Part D: Procrustes transformation#

Read the discussion on the Procrustes problem in Chapter 14 of ESL II.
Solve Problem 14.8 of ESL II.
Find the Procrustes rotation relating the first S to the second S in the signature data.
Moving on to the Procrustes average, argue that the algorithm presented is a descent algorithm on the objective (14.59)
Find the Procrustes average of the 3 S images in the signature data.

Part E: Smoother PCA#

One formulation we saw of PCA for a data matrix \(X_{n \times p}\) involved solving the problem

\[ \text{minimize}_{A_{p \times k}, B_{p \times k}} \frac{1}{2} \|X-XAB^T\|^2_F. \]

Informally, each row of \(X\) is ultimately approximated by a linear combination of rows of an estimated \(B\) matrix, the “decoder”. In some situations (the MNIST data above being one, the CGH example in our discussion of PMD being another), the columns are arranged in such a fashion that it makes sense to impose some constraint on the rows of \(B\), i.e. that each row can be represented as a linear combination of some set of \(K \geq k\) smooth “functions”.
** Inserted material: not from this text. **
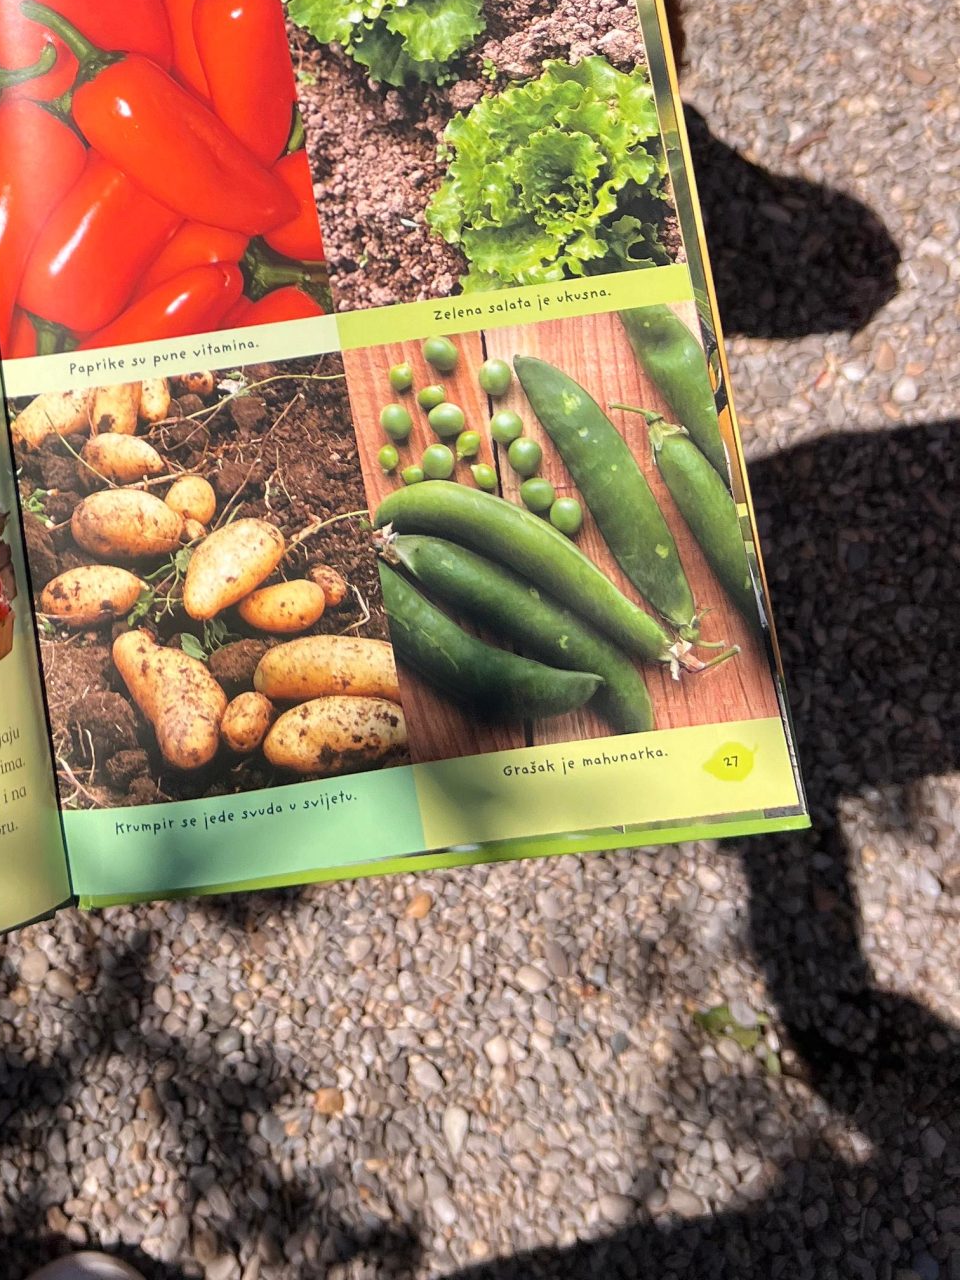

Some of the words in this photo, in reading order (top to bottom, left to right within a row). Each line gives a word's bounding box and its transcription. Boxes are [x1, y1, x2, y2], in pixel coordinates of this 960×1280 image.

Use the formulation above to “fit” PCA with the constraint that the rows of \(B\) are contained in some \(K\)-dimensional subspace \(L\) of \(\mathbb{R}^p\).
The milk data, described here contains near infrared spectroscopy (NIR) signals measured on 9 different samples of milk. In this case, each row of the data corresponds to a signal measured at 601 uniformly spaced NIR frequencies (which you can take to be the interval [0,1]). The analysis presented in the link above suggests the derivatives of the spectra contain much of the information, hence the authors first estimate smooth derivatives and then run PCA on the smoothed data. Your task is to compute a “smooth PCA” on the discrete derivatives for the data. If X is our data, then we can compute these discrete derivatives with:

t(apply(X, 1, diff))

As for the linear subspace, we’ll take a set of natural cubic splines:

library(splines)
smooth_basis = ns(seq(0, 1, length=600), df=12)

You can read about natural splines in Ch. 5 of ESL II.
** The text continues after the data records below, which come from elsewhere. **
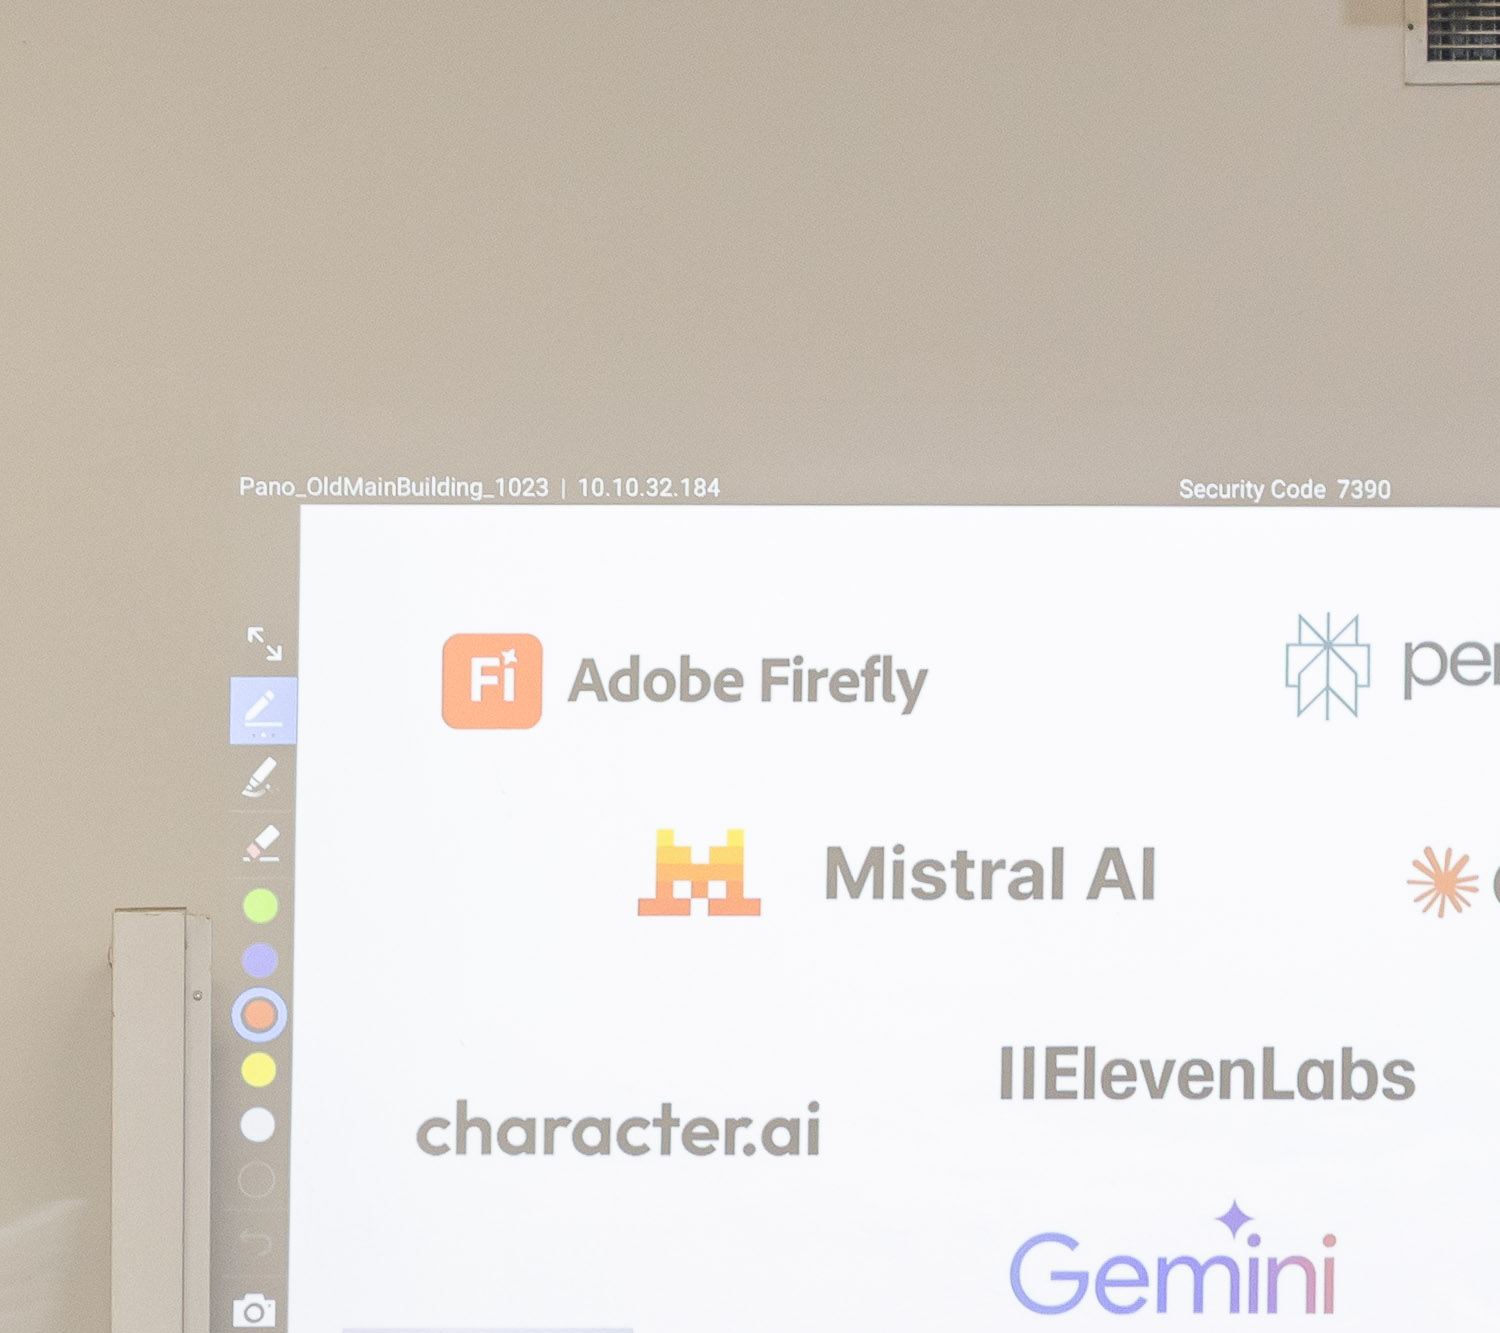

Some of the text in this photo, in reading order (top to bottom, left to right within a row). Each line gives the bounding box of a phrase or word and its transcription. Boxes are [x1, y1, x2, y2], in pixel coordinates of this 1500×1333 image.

[239, 476, 550, 501] Pano_OldMainBuilding_1023
[578, 477, 721, 498] 10.10.32.184
[1179, 478, 1391, 503] Security Code 7390
[567, 654, 929, 716] Adobe Firefly
[825, 843, 1156, 901] Mistral AI
[415, 1098, 820, 1158] character.ai
[1009, 1231, 1338, 1316] Gemini
Compare the first three loadings (plotted as functions of the frequency index) to those obtained by PCA without smoothing. Does smoothing add anything here?
Plot the smooth PCA scores for each observation for the first two components, and color the points according to labels. Compare this to the same plot without smoothing. Does smoothing add anything here?
Compare your plot to the plot proposed in the link. If you’re ambitious you could compare your solution to the one in the code provided in the link.